Gundagai was still considered a frontier town in 1852.[30] The Murrumbidgee flood of 25 June 1852 swept the first colonial town of Gundagai away, killing at least 78 people (perhaps 89) of the town's population of 250 people, making it one of the worst natural disasters in colonial Australia's history. Local Aboriginal men, Yarri, Jacky Jacky, Long Jimmy[31][32] and one other played a role in saving many Gundagai people from the 1852 floodwaters, rescuing more than 40 people using bark canoes.[33] A bronze sculpture of Yarri and Jacky Jacky with a canoe was unveiled in Gundagai in 2017. The number of people whom they saved is estimated as 68, one third of the town's population.[34] The historical novel Bila Yarrudhanggalangdhuray (2021) by Anita Heiss is set around the time of the flood, and depicts some of the Wiradjuri people and settlers living in Gundagai at the time, using the Wiradjuri language.[35][36]
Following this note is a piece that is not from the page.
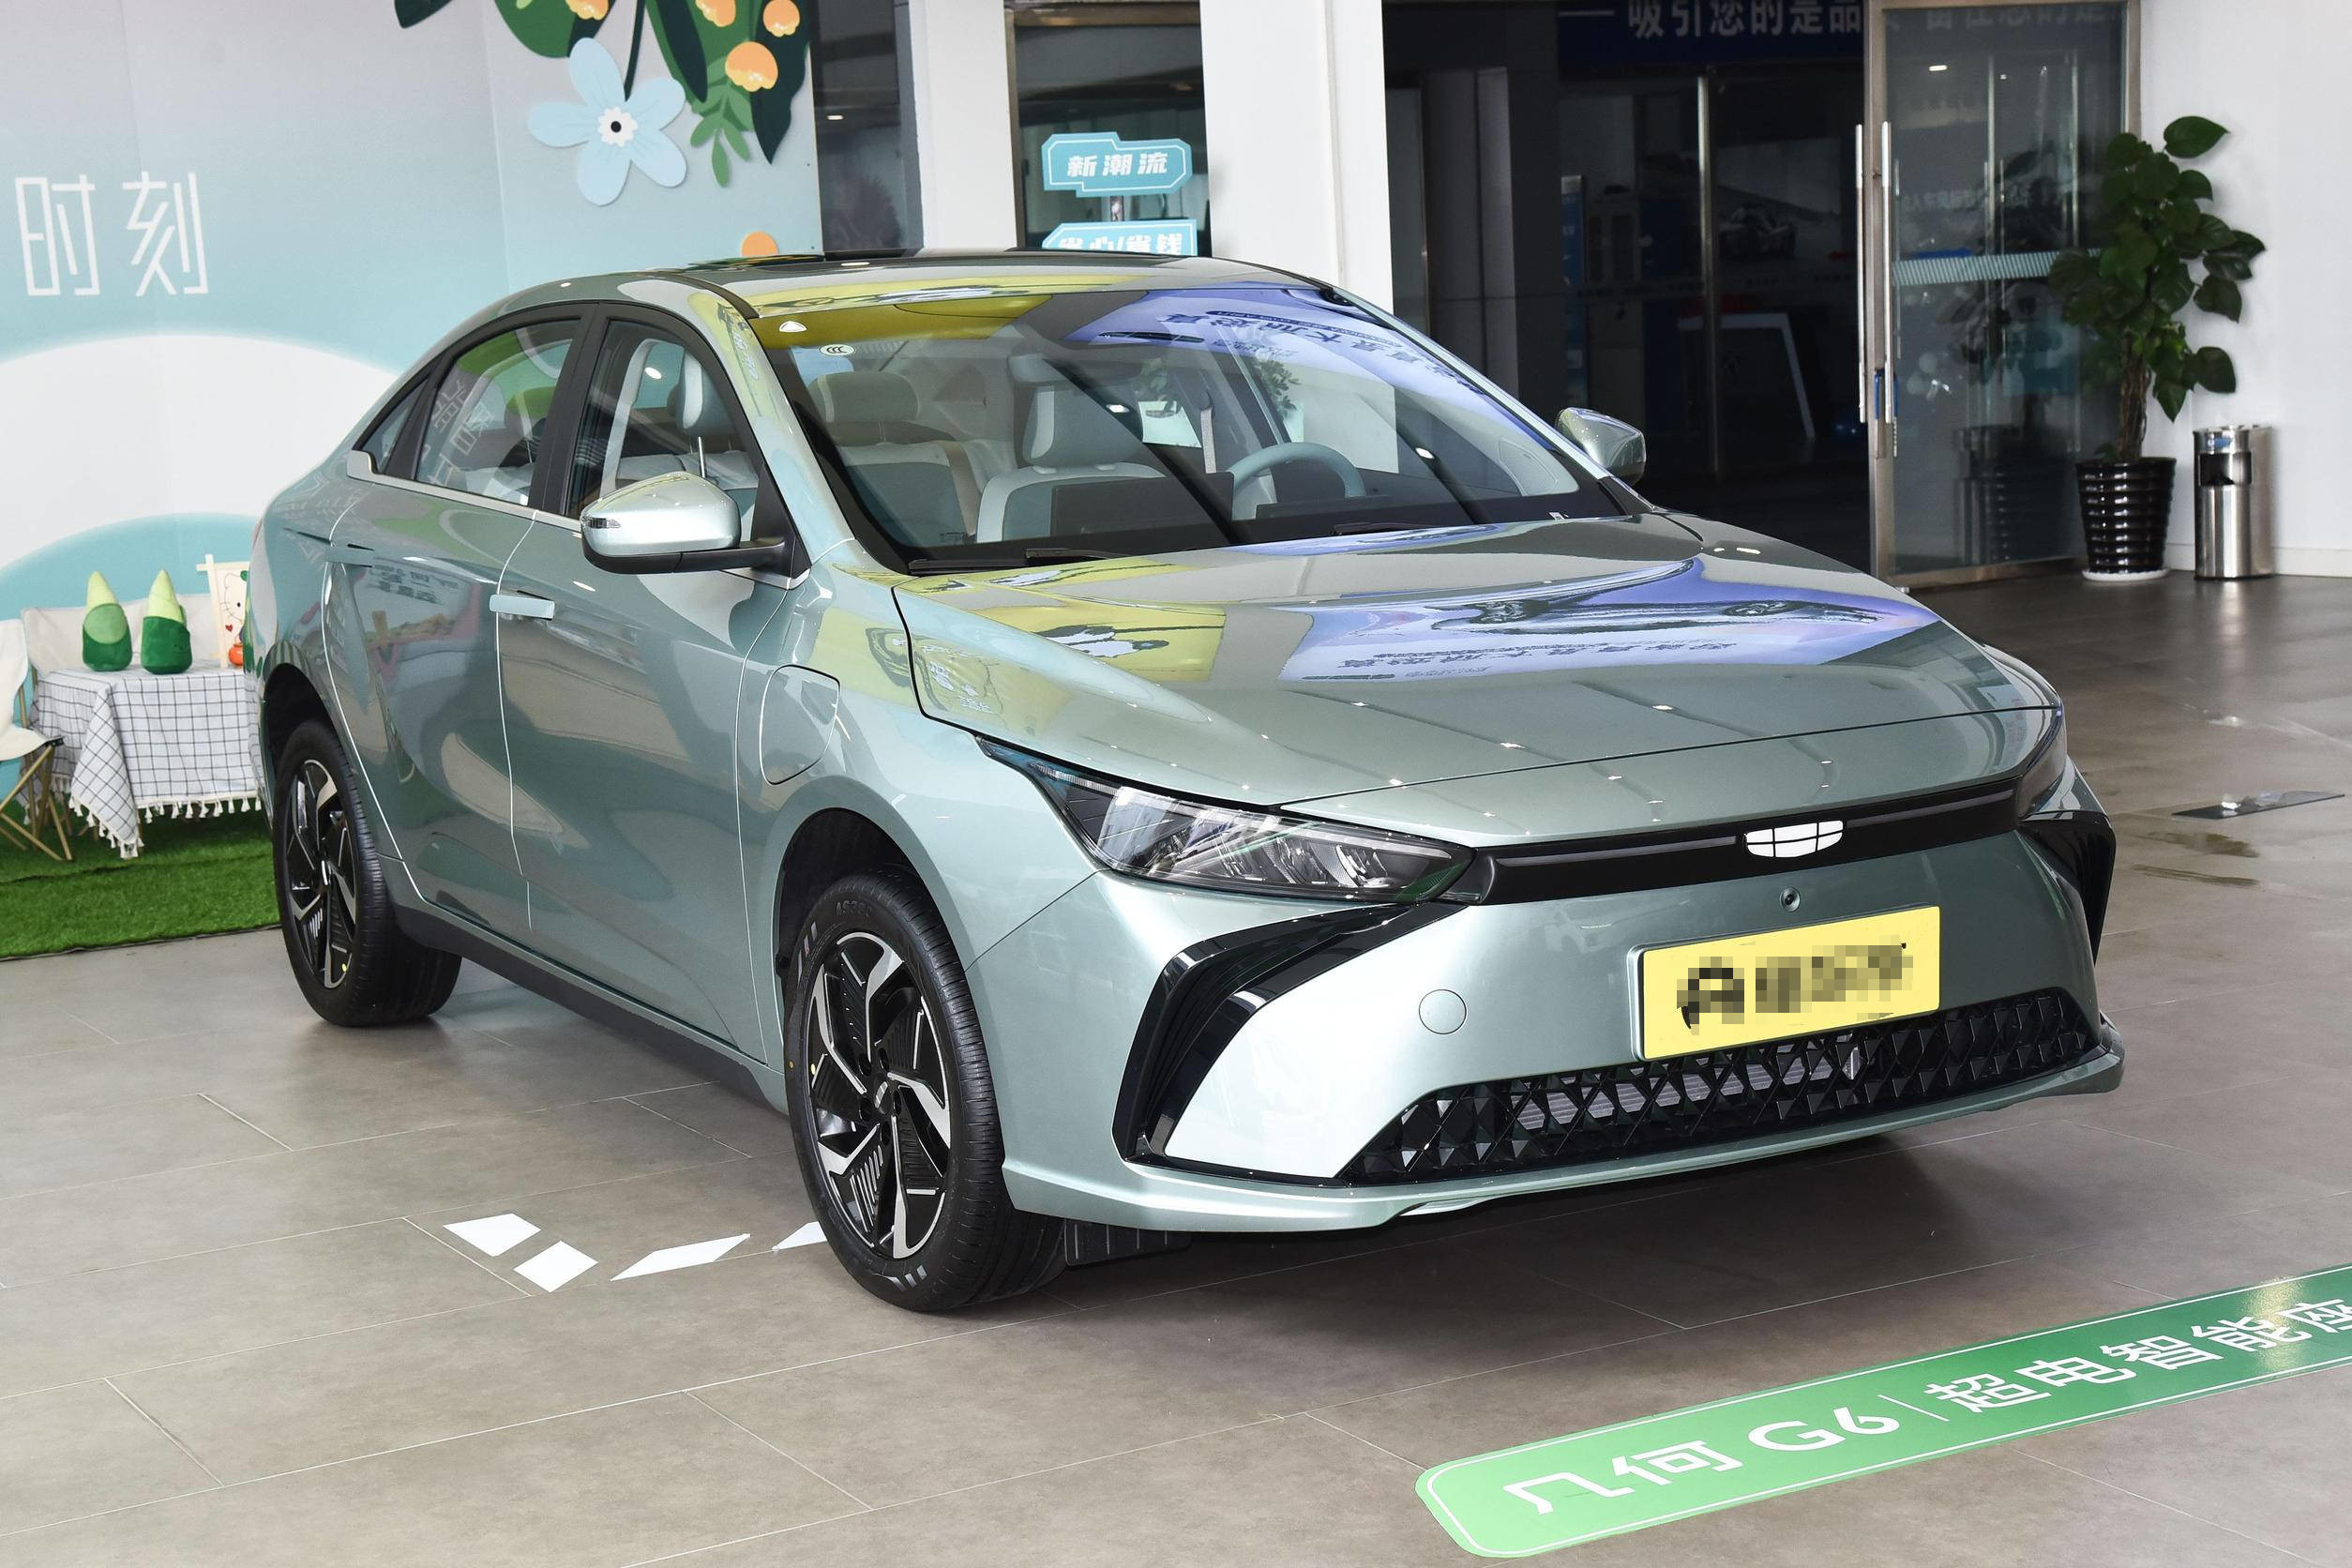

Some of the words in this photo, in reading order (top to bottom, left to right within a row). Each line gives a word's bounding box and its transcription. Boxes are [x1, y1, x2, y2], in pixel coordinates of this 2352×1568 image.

Yarri was also known as Yarree or Coonong Denamundinna, A number of stories circulate suggesting that Yarri is the same as the native of that name mentioned as being responsible for the death of John Baxter at Caiguna in Western Australia during the expedition made by Edward John Eyre in 1841. This identification would place Yarri a long way from his traditional lands. The association of the two goes back to newspaper reports at the time. Yarri is also believed to have killed a young part Aboriginal woman 'Sally McLeod' near Gundagai in 1852. Warrants for Yarri/Yarree's arrest were issued by NSW Police after Brungle Aboriginal people reported him to the police over the Sally McLeod murder.[37]

Following an even higher flood in 1853, North Gundagai was redeveloped at its current site, above the river, on Asbestos Hill and Mount Parnassus, and at South Gundagai on the slopes of Brummies Hill, using pre-existing survey plans made by James Larmer in 1850.[38] The town commemorated the sesquicentenary of the 1852 flood in 2002.[33]

The flood of June 1891 left several pastoral workers and four rescuers, who set out in a boat, stranded in trees just to the south of Gundagai. Edward True dragged a light skiff several miles over hills to the rescue site and managed to save several men from drowning.[39] True also saved a young boy from drowning in a waterhole in 1887 and was awarded a Royal Humane Society of Australasia bravery award for that rescue as well. Edward True could not swim.[39]

In recent years the Gundagai wetlands and marshes, home to many bird species, have disappeared, largely as a result of ground compaction by cattle and Gundagai Shire Council diverting ground water into underground pipes. The wetlands were on the North Gundagai Common, adjacent to the Gundagai High School, between Bourke and West Streets to the north of Punch Street, to the west and north of the North Gundagai cemetery, and at Coolac.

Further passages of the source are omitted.